Edit, 15 November 2012: I'm honored that the Winter 2013 Make: 3D PRINTER BUYERS GUIDE mentioned the Roll-A-Hedgehog (p20, illustrated on p2))... but I very strongly urge you NOT to use this as an infant toy unless you are paying very close attention. The body, if printed without scaling, is borderline large enough for safety. The wheels/axles, however, would definitely be choking hazards if they were to break. I've not had one break yet, but it's not impossible: that's a cross-layer feature.

***

Just a little hedgehog, rollin' along.

Thanks to everyone who test printed before I had a chance to do so. With your feedback, my first print of this rolled great!

By the way, the hedgehog profile was borrowed from a wood ramp walking hedgehog my parents brought back from a trip to the Czeck Republic. I'd like to render that printable too.

Instructions

Print and play!

I printed without acceleration, 15% fill, 0 extra shells. Less fill would probably still be plenty sturdy.

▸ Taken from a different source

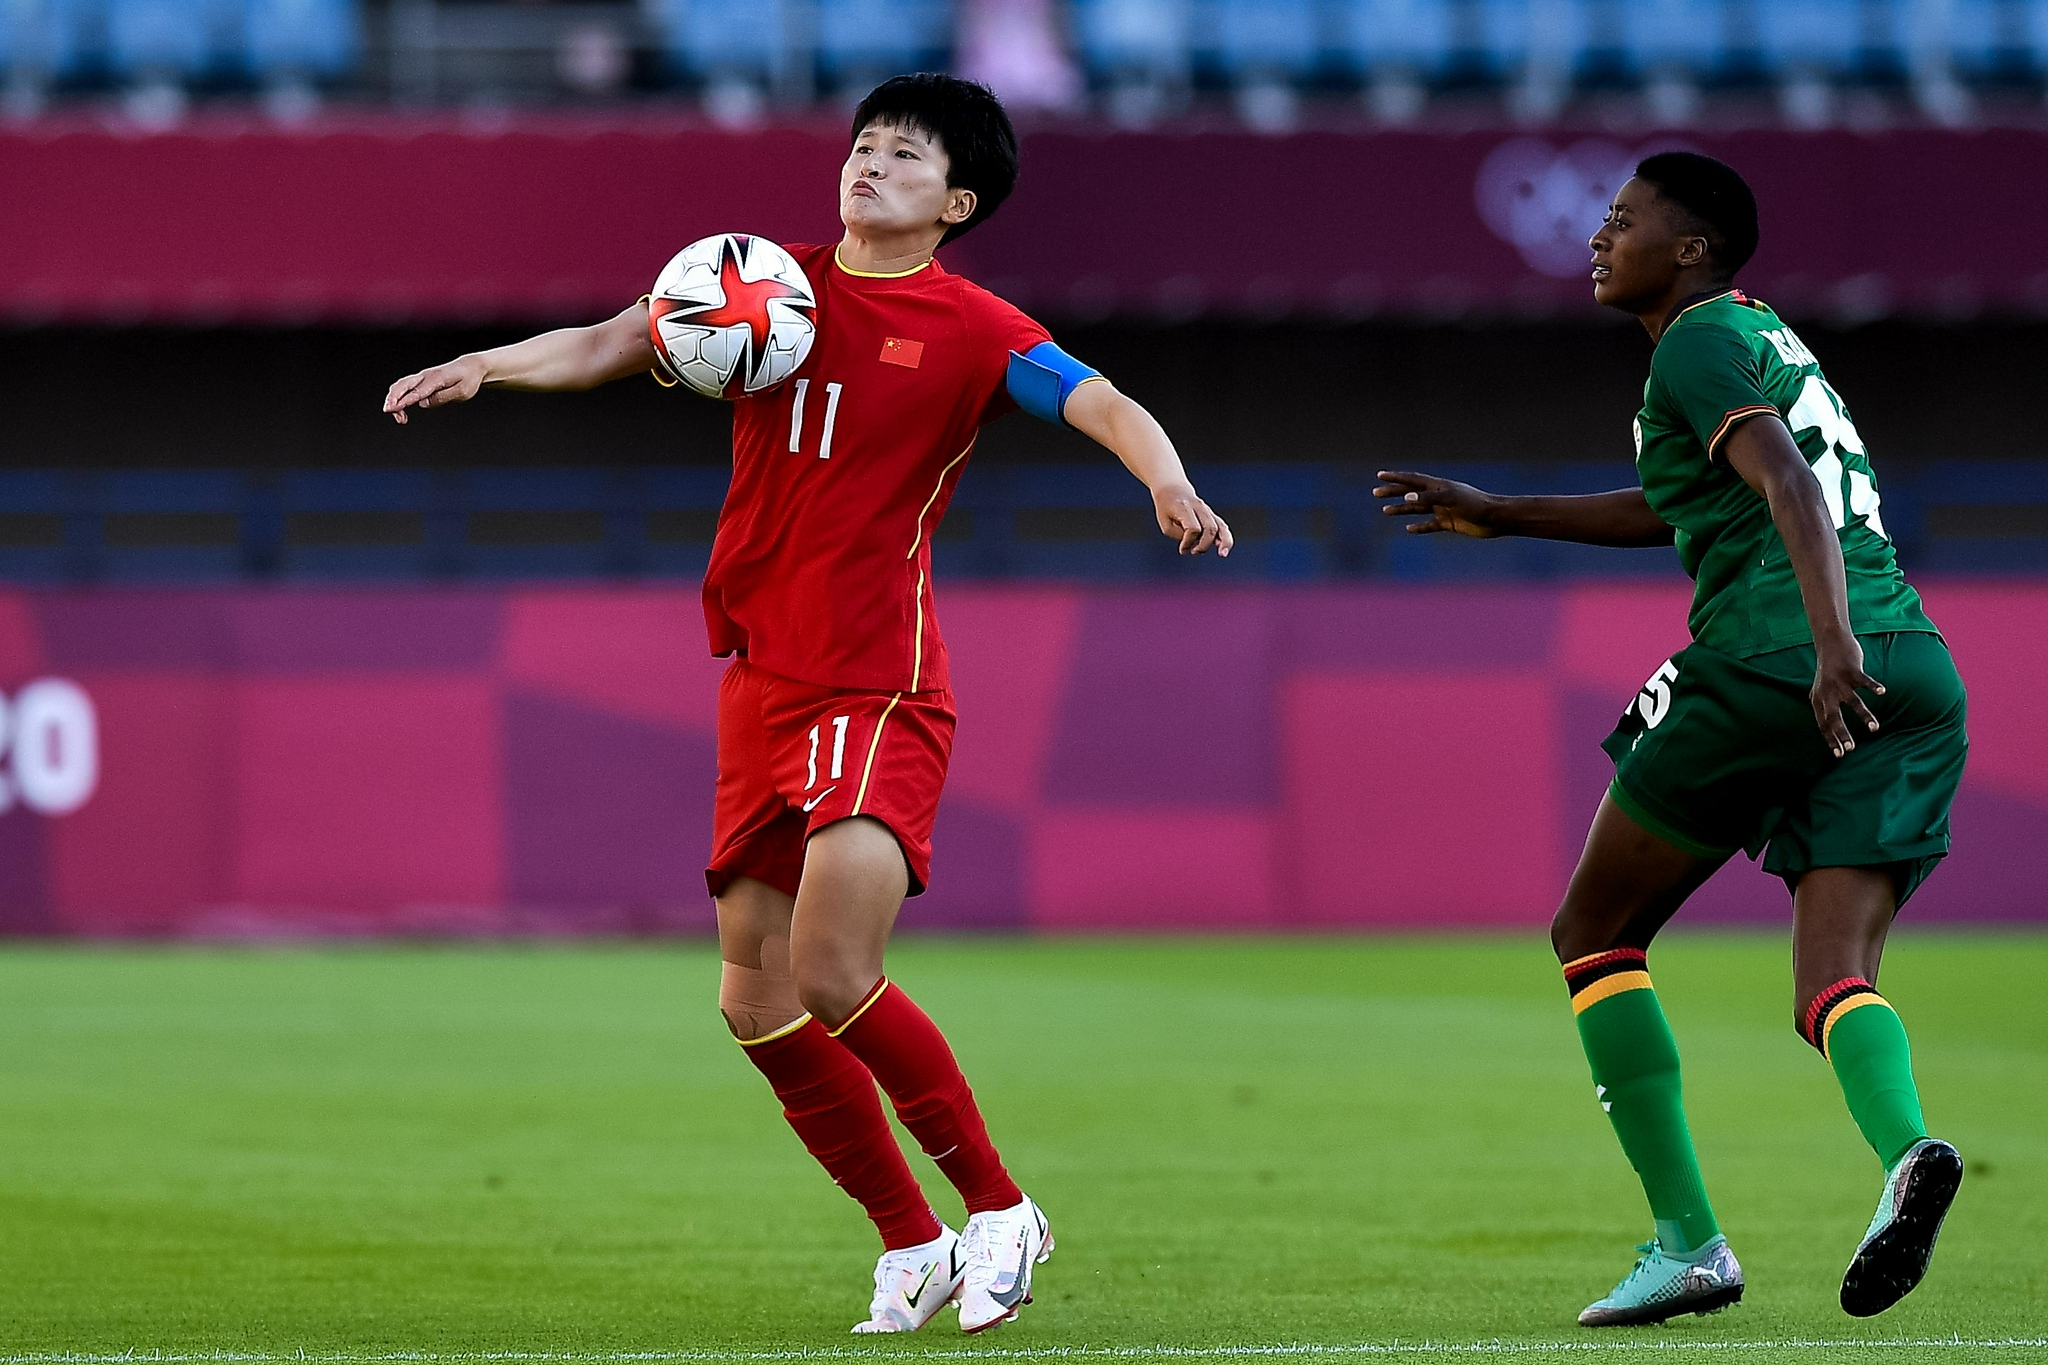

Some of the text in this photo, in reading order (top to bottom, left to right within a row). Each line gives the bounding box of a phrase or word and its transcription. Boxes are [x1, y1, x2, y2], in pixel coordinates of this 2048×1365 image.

Note that my rendering is misleading: this is not set up for dualstrusion yet. I suppose with the right software you could extract the bodies and save separately?

Take precautions to preserve exterior surface finish: at this scale (~44mm long) there is a consistent 0.7mm gap between wheels and body. Any blobbing or such surface artifacts risks bridging that gap.

Using the scale function to increase overall size will increase this gap proportionally... but he'll be less cute.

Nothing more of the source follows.